A Soup Kitchen By Any Other Name….
Friend Elizabeth found the reference on the first page of this week’s Figaro Scope, which tells you what’s hot hot hot in Paris for the coming week. And right on the first page, first item for restaurants, was Le Bar à soupes. Courez-y!, it said: “Run there!” So Christine and I did the very next day for lunch–jumping on metro line 1 and off at Bastille, closing our eyes to resist the temptations of the fabulous January sales on Faubourg St. Antoine, then hooking a left on Rue de Charonne in the 11th.
Whew, we were just about the first customers, and it was a good thing since the tiny place filled up to bursting in the next quarter hour. Who knew this was a Paris institution?
Anne-Catherine Bley (pictured) opened it 9 years ago with a single concept and hasn’t changed it one bit since then: Six freshly made, homemade soups every day but Sundays and holidays, 12 noon to 3, then 6:30 to 11pm. For 5 euros, you can sit down (or take out) a big bowl of soup, a fabulous seedy roll, and a sparkling carafe of water spiced with fresh lime. OR, for 9,90 euros you can settle down with the “formule.” This last means 1) a big bowl of soup with bread; 2) a choice of really delectable cheese, salad, or dessert; and 3) a glass of wine or coffee or tea. Carafe d’eau, of course, if you ask for it–it’s required by law for all French restaurants.
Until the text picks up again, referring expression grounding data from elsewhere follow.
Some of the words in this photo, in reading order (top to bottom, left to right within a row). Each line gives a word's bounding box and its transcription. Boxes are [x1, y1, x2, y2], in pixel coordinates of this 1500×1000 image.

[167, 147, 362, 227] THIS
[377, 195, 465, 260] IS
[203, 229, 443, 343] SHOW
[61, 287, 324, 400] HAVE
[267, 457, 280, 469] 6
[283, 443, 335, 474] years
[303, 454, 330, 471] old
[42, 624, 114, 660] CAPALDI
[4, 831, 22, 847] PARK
I got the pois chiche à l’orientale–a nice chunky little soup with chickpeas, tomatoes, a little pepper, and the surprise of plumped sultanas; Christine settled on the crème de carottes . We chose; we took a window seat; we were served; and we had the best time soaking it all in. Attractive and slim Anne-Catherine bustling over her soups like a mother hen (haven’t I always told you that the more soup you eat, the slenderer you’ll be?). Young, enthusiastic serveurs. Attractive setting with down lights; charcoal granite floor; blond, stainless, and glass counter crowned with dramatic flowers and revealing the soups of the day like an artist’s palette; and large oil portraits on white walls of a big fat turnip, a fennel, a tomato, and a beet. In the back room, racks of newspapers and magazines stood by to charm and stimulate the clientele. Because this wasn’t a snooty, stylish crowd at all. This was tweedy professors, and students in jeans and back packs, and young arty professionals with laptops. Possibly the 21st century de Beauvoir was in the back room arguing and slurping and writing.
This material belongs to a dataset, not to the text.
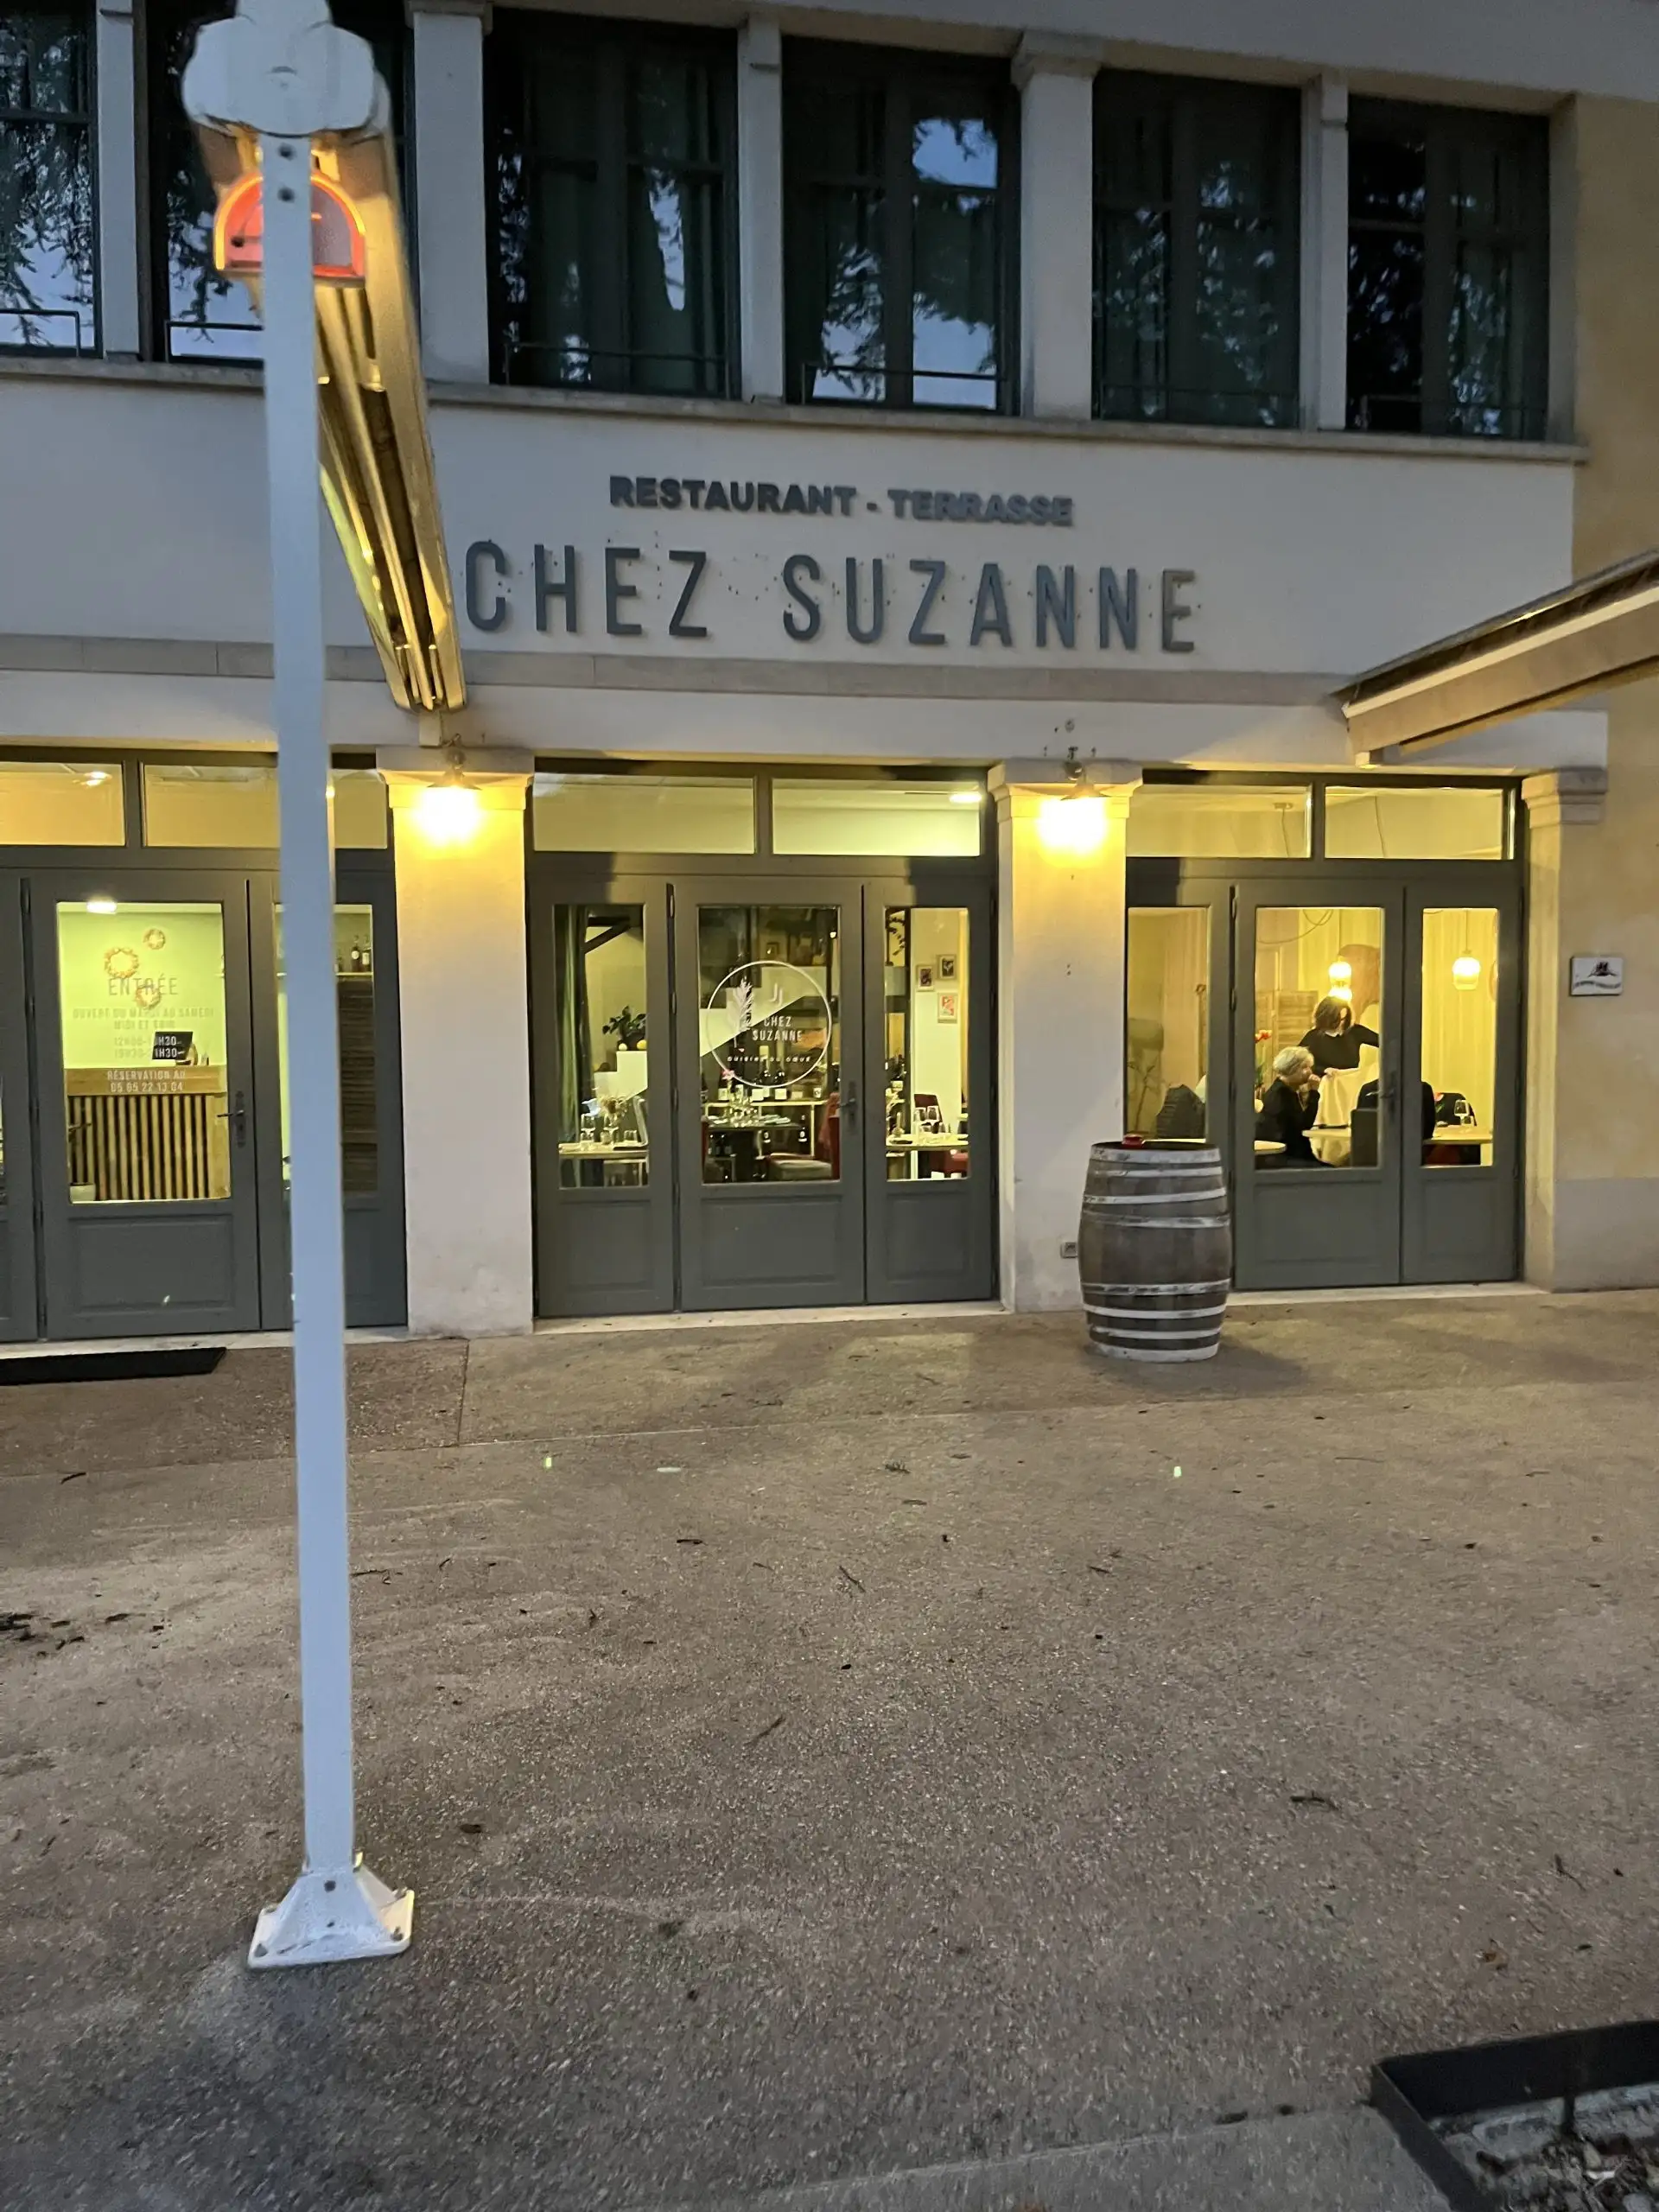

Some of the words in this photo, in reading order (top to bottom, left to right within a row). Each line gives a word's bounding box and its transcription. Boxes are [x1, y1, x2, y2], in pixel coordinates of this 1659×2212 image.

The soups are very nice and very French and very much in season. This week, lots of creamy vegetable soups–carrot; red pepper; mushroom; broccoli; pumpkin; chestnuts; peas–sometimes spiced with a little mint or citrus, sometimes smooshed with the housewife’s favorite soup cheese, La vache qui rit. Lentil soups. Some surprises of borshch or celery with blue cheese.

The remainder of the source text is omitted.